## EXERCISE DIRECTIONS
Output each entry below as it stands, leaving out every picture.

[Images for object localization]
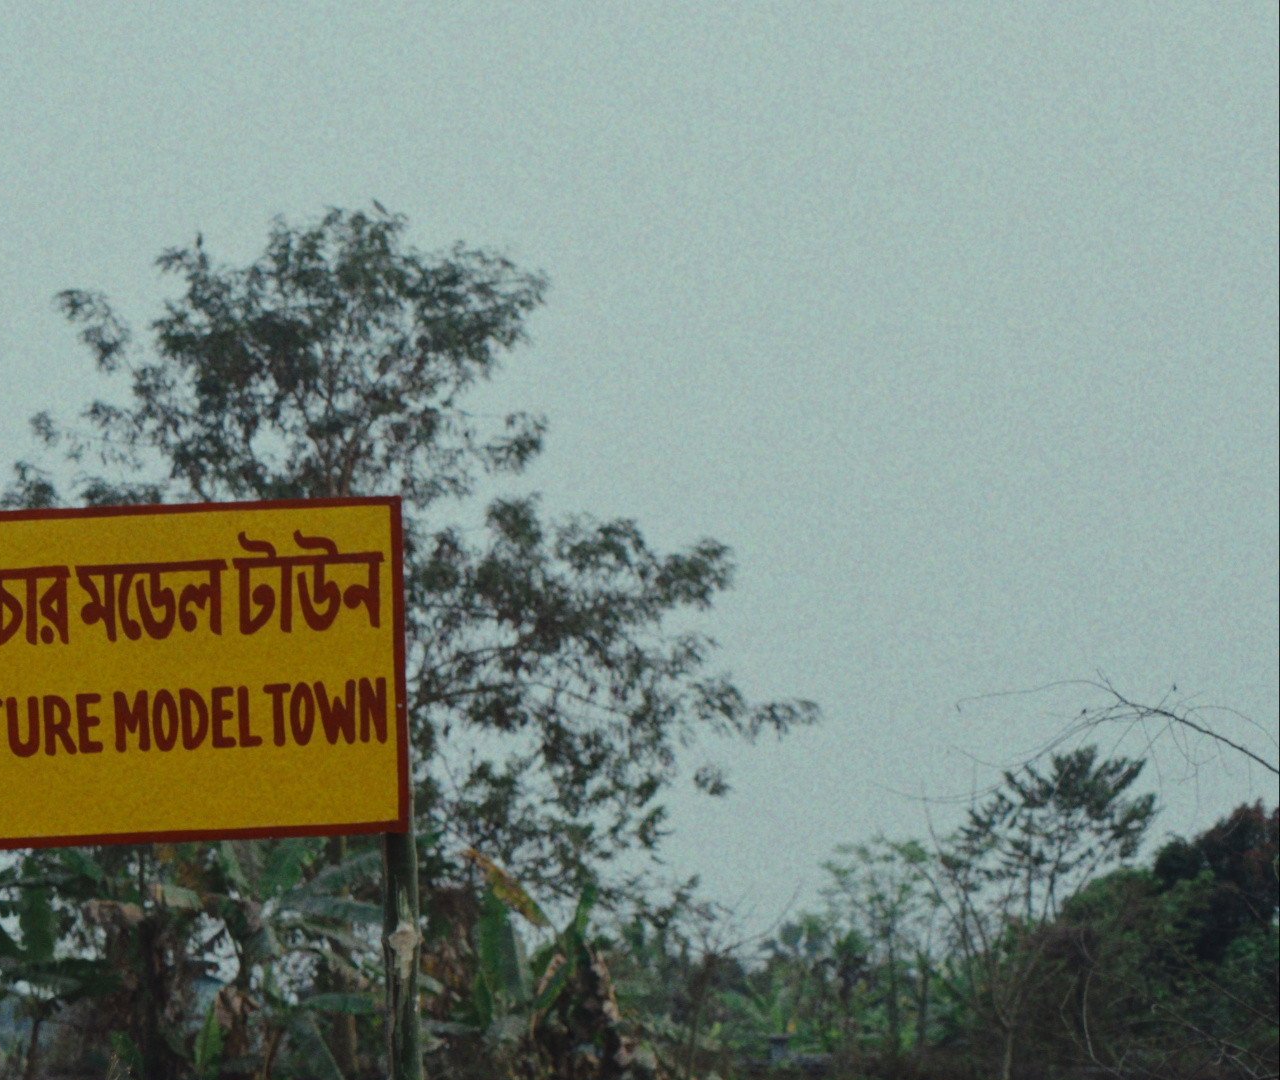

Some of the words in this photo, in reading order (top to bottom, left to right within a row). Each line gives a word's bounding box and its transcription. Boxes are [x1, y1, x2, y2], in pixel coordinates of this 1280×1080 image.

[74, 557, 229, 643] মডেল
[231, 529, 386, 636] টাউন
[112, 685, 264, 754] MODEL
[263, 676, 389, 748] TOWN

## SOLUTION TO THIS PROBLEM
Some of the words in this photo, in reading order (top to bottom, left to right within a row). Each line gives a word's bounding box and its transcription. Boxes are [x1, y1, x2, y2], in pixel coordinates of this 1280×1080 image.

[74, 557, 229, 643] মডেল
[231, 529, 386, 636] টাউন
[112, 685, 264, 754] MODEL
[263, 676, 389, 748] TOWN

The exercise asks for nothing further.